Colon cancer-associated transcript1 (CCAT1) serves as a lncRNA involved in regulating the metastatic ability of various cancers via distinct or similar mechanisms, including colon cancer [87], cervical cancer [88], hepatocellular carcinoma [89] and melanoma [90] etc. Zhuang et al. first uncovered the metastasis-related functions of CCAT1 in HNC. The study suggests that CCAT1 could improve the migrating and invasive abilities of LSCC cells by leading to EMT, presenting as E-cadherin reduction along with the enhancement of Vimentin and N-cadherin [91]. On the other hand, a CCAT1/ miR-218/zinc finger protein, x-linked (ZFX) axis was identified to significantly modulate the invasion of LSCC. Through tissue investigation, CCAT1 and ZFX were confirmed to be significantly enhanced, while miR-218 was decreased. The gain or loss of function study ultimately revealed that CCAT1 drives the invasion of LSCC cells through increasing the ZFX level by sponging miR-218 [92]. All the above imply that the same lncRNA might regulate metastasis via diverse mechanisms.

H19

lncRNA H19 is the transcript product of the H19 gene [93]. Emerging findings have supported its pivotal role as a metastatic potentiator in various malignancies, including GC [94], breast cancer [95] and colon cancer [96]. In GC cells, lncRNA H19 could be processed into miR-675, which subsequently activates protein kinase B/mammalian target of rapamycin (Akt/mTOR) pathway as well as enhances the invasion of GC cells; therefore, the function of H19 is partially dependent on its downstream product miR-675 [94]. More importantly, the investigation has demonstrated the influence of H19 silencing on impairing the migration and invasion of LSCC; specifically, H19 might sponge miR-148a-3p, thereby releasing the DNA methyltransferase enzyme (DNMT1) which could be targeted by miR-148a-3p, and carrying out its function [97]. Thus, the lncRNA H19/miR-148a-3p/DNMT1 axis presents as a vital signaling cascade that mediates LSCC metastasis. Since H19 has various effects on other maliganancies, its function in HNC requires extensive investigation.

NEAT1

Nuclear enriched abundant transcript 1 (NEAT1), as its name implies, is a lncRNA localized exclusively to paraspeckles, a sub-nuclear structure [98]. Previous studies have identified the potential of lncRNA NEAT1 in enhancing the invasion and migration of GC via driving EMT [99]. Additionally, upon analyzing the relationship between expression of NEAT1 and the LNM of NSCLC [100] and CRC [101], NEAT1 was reported to significantly promote their metastasis, proving its oncogenic role.
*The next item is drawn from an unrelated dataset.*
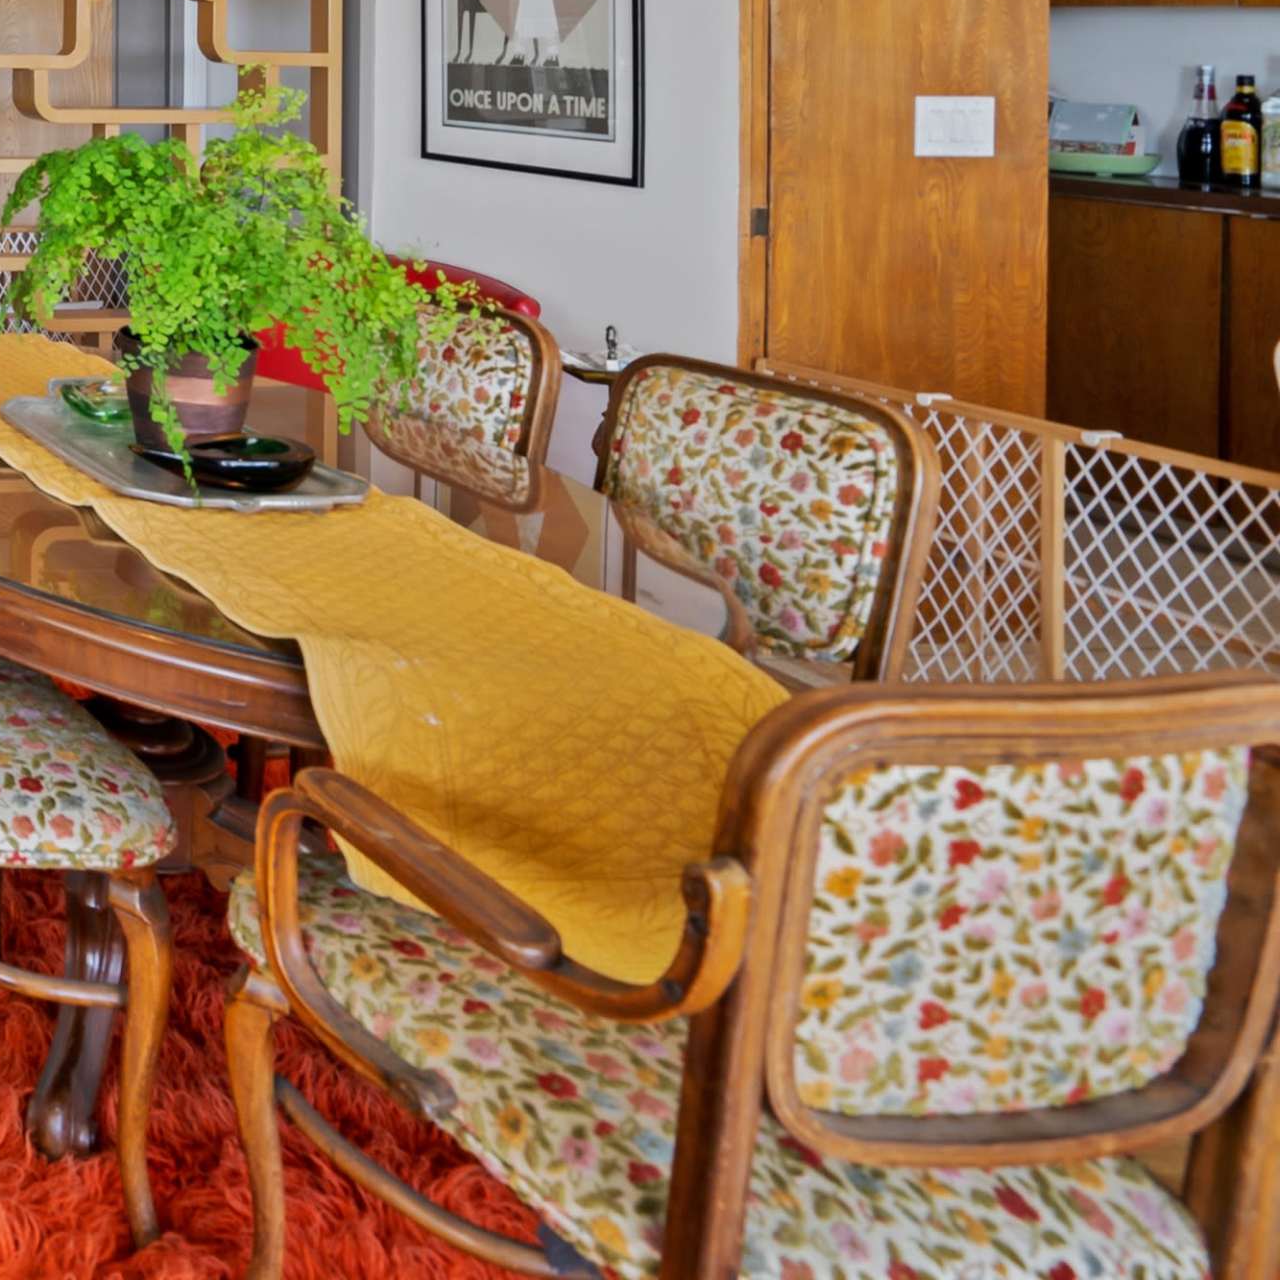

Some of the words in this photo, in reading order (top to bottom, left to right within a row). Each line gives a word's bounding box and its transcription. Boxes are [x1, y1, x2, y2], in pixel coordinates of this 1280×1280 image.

Notably, NEAT1 acts a promoting role in mediating the migration and invasion of thyroid carcinoma. Specifically, NEAT1, by exhibiting a reciprocal repression correlation with miR-214 and reducing its expression, increases the β-catenin level and presents the phenotype [102].

lncRNA-ROR

LncRNA-Regulator of Reprogramming (LncRNA-ROR) is overexpressed in solid tumors including NPC. LncRNA-ROR deficiency contributes to the suppressed tumor invasion with reduced expression levels of the EMT marker [103]. Similarly, LncRNA-ROR also potently drives the invasion and lung metastasis of breast cancer through EMT [104].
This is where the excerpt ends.